(Required work)
What you give back must match the records below exactly, apart from the pictures, which are omitted.

(Data to use)

▽

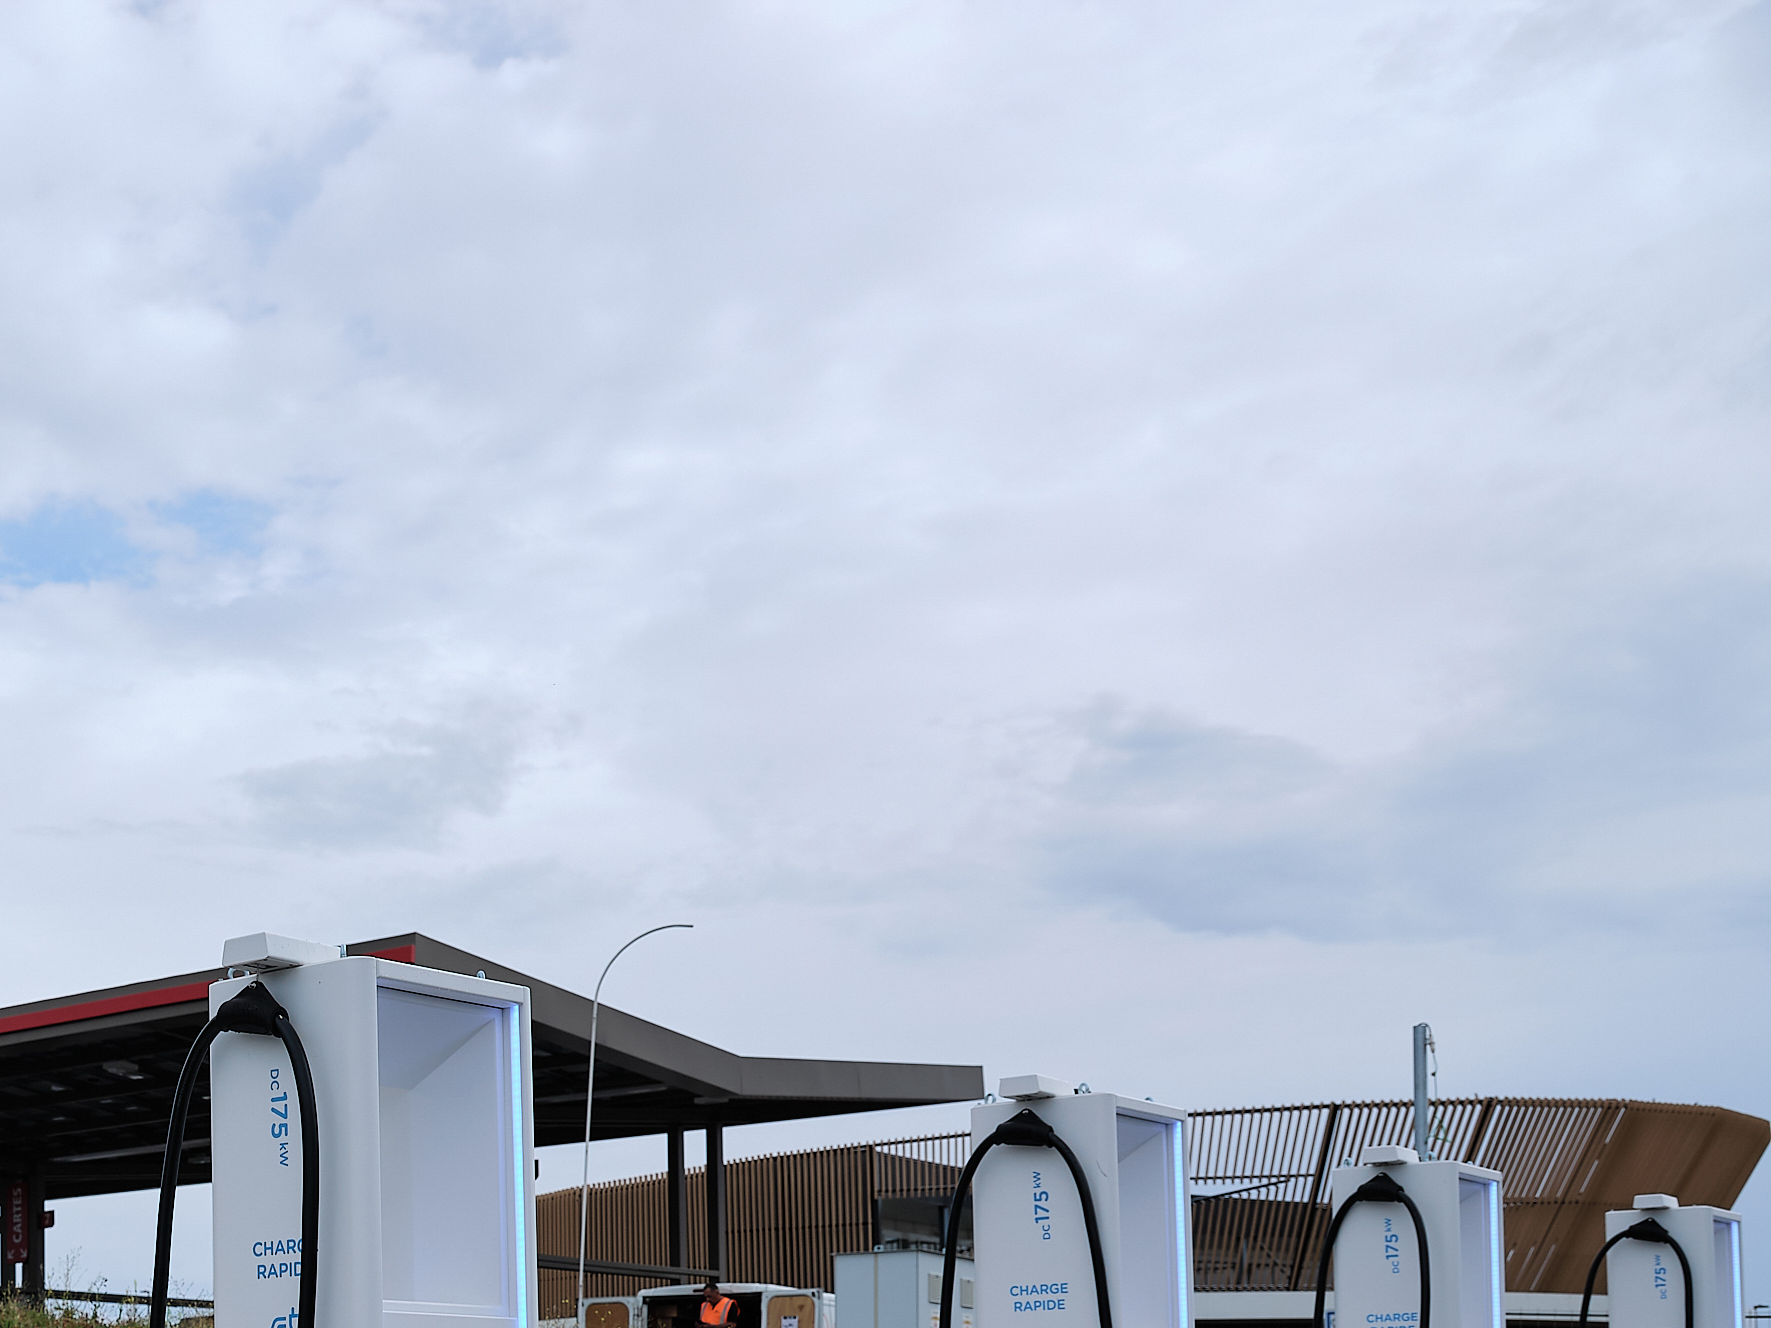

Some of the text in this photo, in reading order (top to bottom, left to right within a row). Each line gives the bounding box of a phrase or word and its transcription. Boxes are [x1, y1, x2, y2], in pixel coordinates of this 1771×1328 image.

[270, 1068, 289, 1167] DC 175 kW
[13, 1188, 22, 1243] CARTES
[1032, 1171, 1051, 1241] DC 175 kW
[253, 1239, 302, 1257] CHAR
[1385, 1233, 1399, 1260] 175
[257, 1262, 301, 1279] RAPID
[1655, 1267, 1667, 1288] 175
[1009, 1282, 1069, 1297] CHARGE
[1013, 1298, 1066, 1313] RAPIDE
[1366, 1312, 1419, 1324] CHARGE
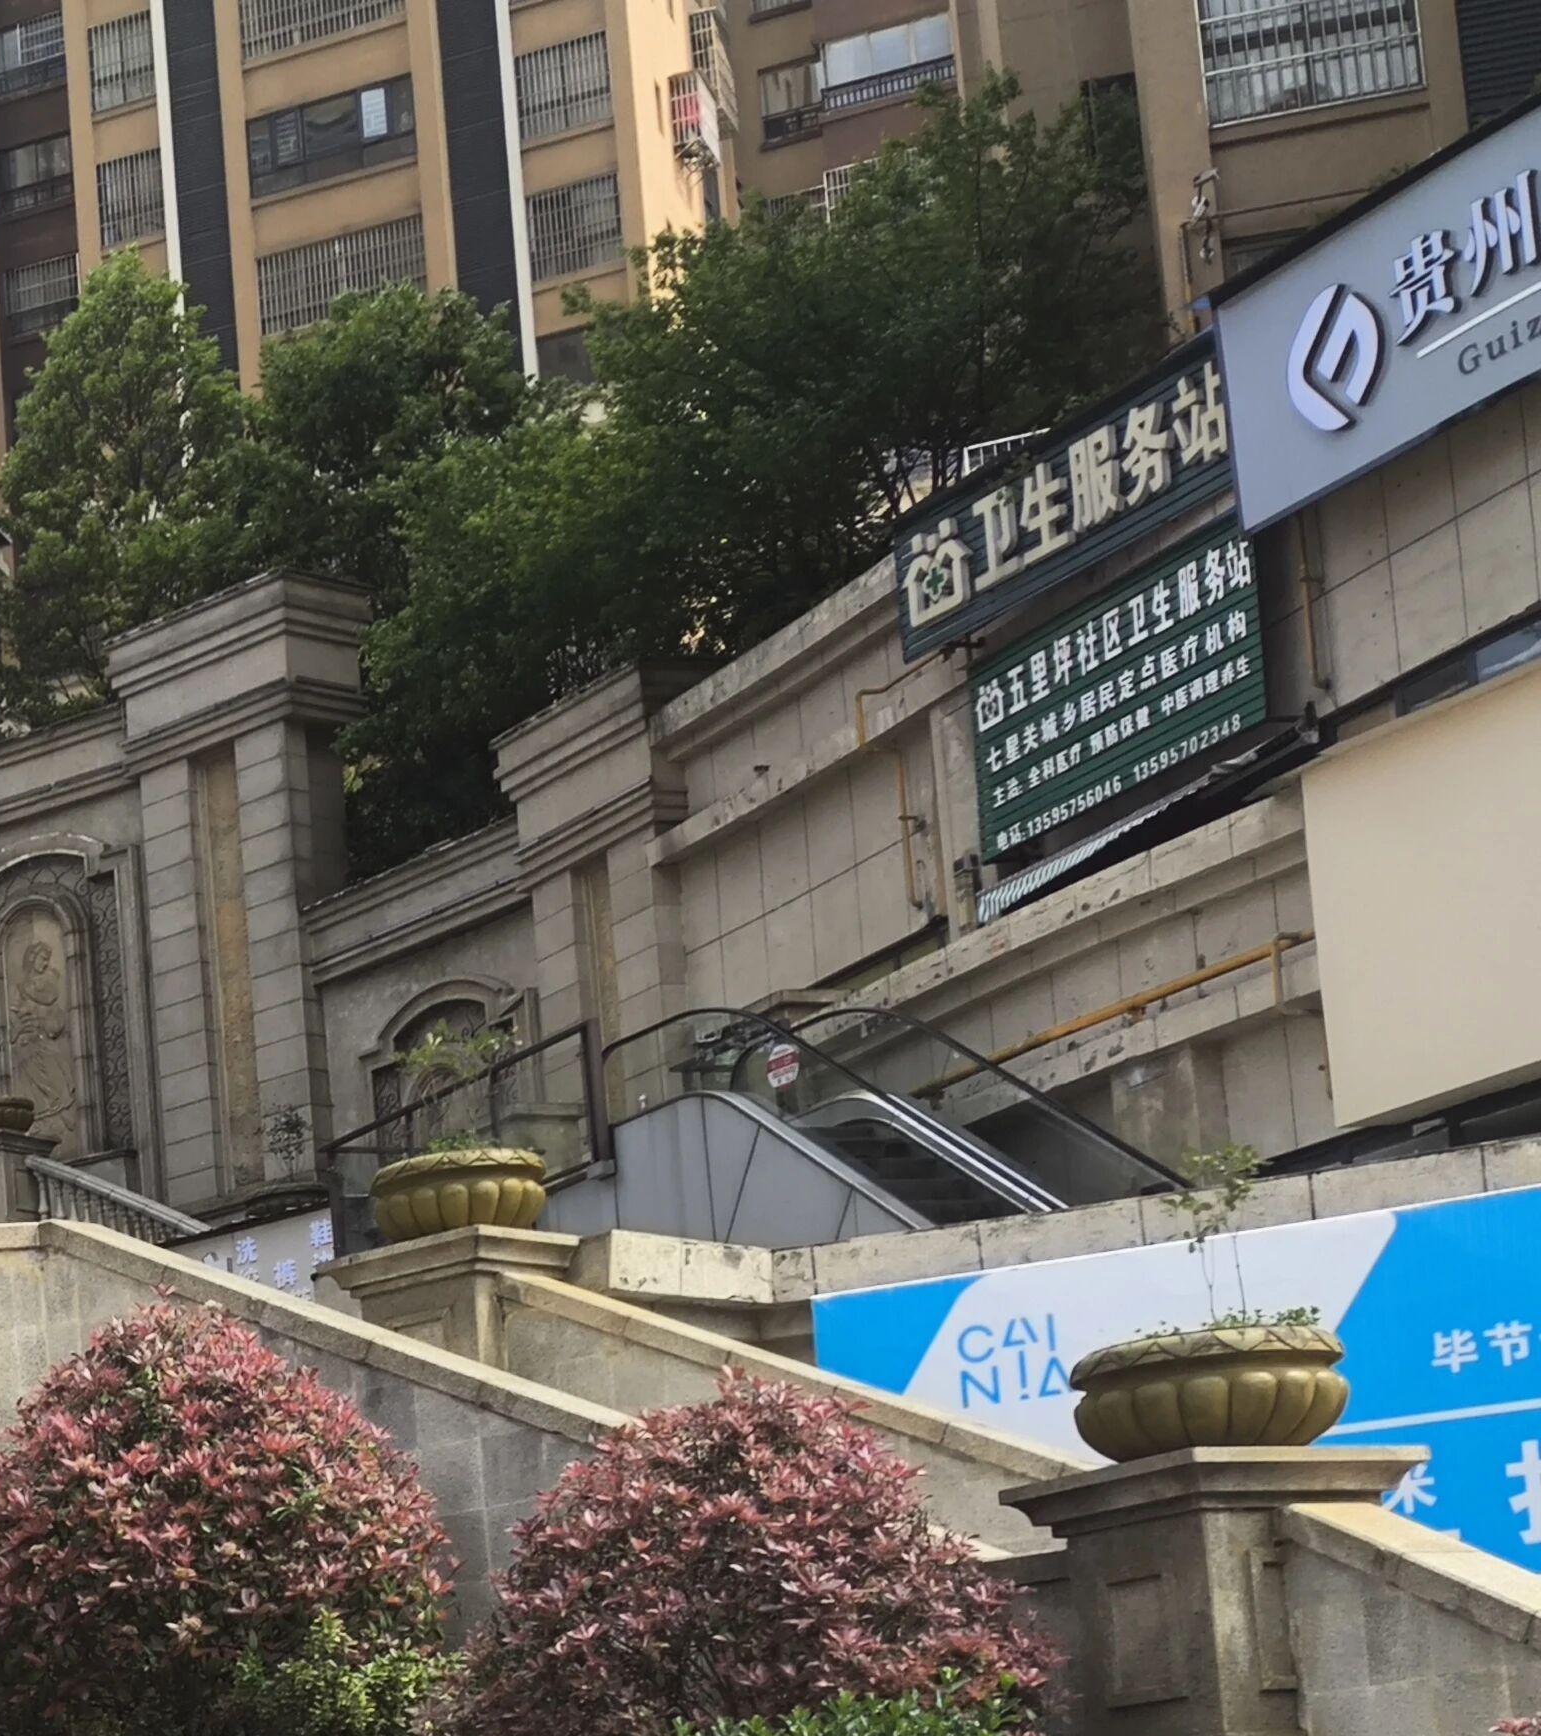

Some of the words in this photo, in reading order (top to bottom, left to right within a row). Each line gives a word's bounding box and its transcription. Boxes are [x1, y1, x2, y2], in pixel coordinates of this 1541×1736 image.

△

(Output of the exercise)
Some of the text in this photo, in reading order (top to bottom, left to right within a row). Each line gives the bounding box of a phrase or word and its transcription. Boxes are [x1, y1, x2, y2], in pixel coordinates of this 1771×1328 image.

[270, 1068, 289, 1167] DC 175 kW
[13, 1188, 22, 1243] CARTES
[1032, 1171, 1051, 1241] DC 175 kW
[253, 1239, 302, 1257] CHAR
[1385, 1233, 1399, 1260] 175
[257, 1262, 301, 1279] RAPID
[1655, 1267, 1667, 1288] 175
[1009, 1282, 1069, 1297] CHARGE
[1013, 1298, 1066, 1313] RAPIDE
[1366, 1312, 1419, 1324] CHARGE

Some of the words in this photo, in reading order (top to bottom, left to right within a row). Each line gives a word's bounding box and its transcription. Boxes are [x1, y1, x2, y2], in pixel coordinates of this 1541×1736 image.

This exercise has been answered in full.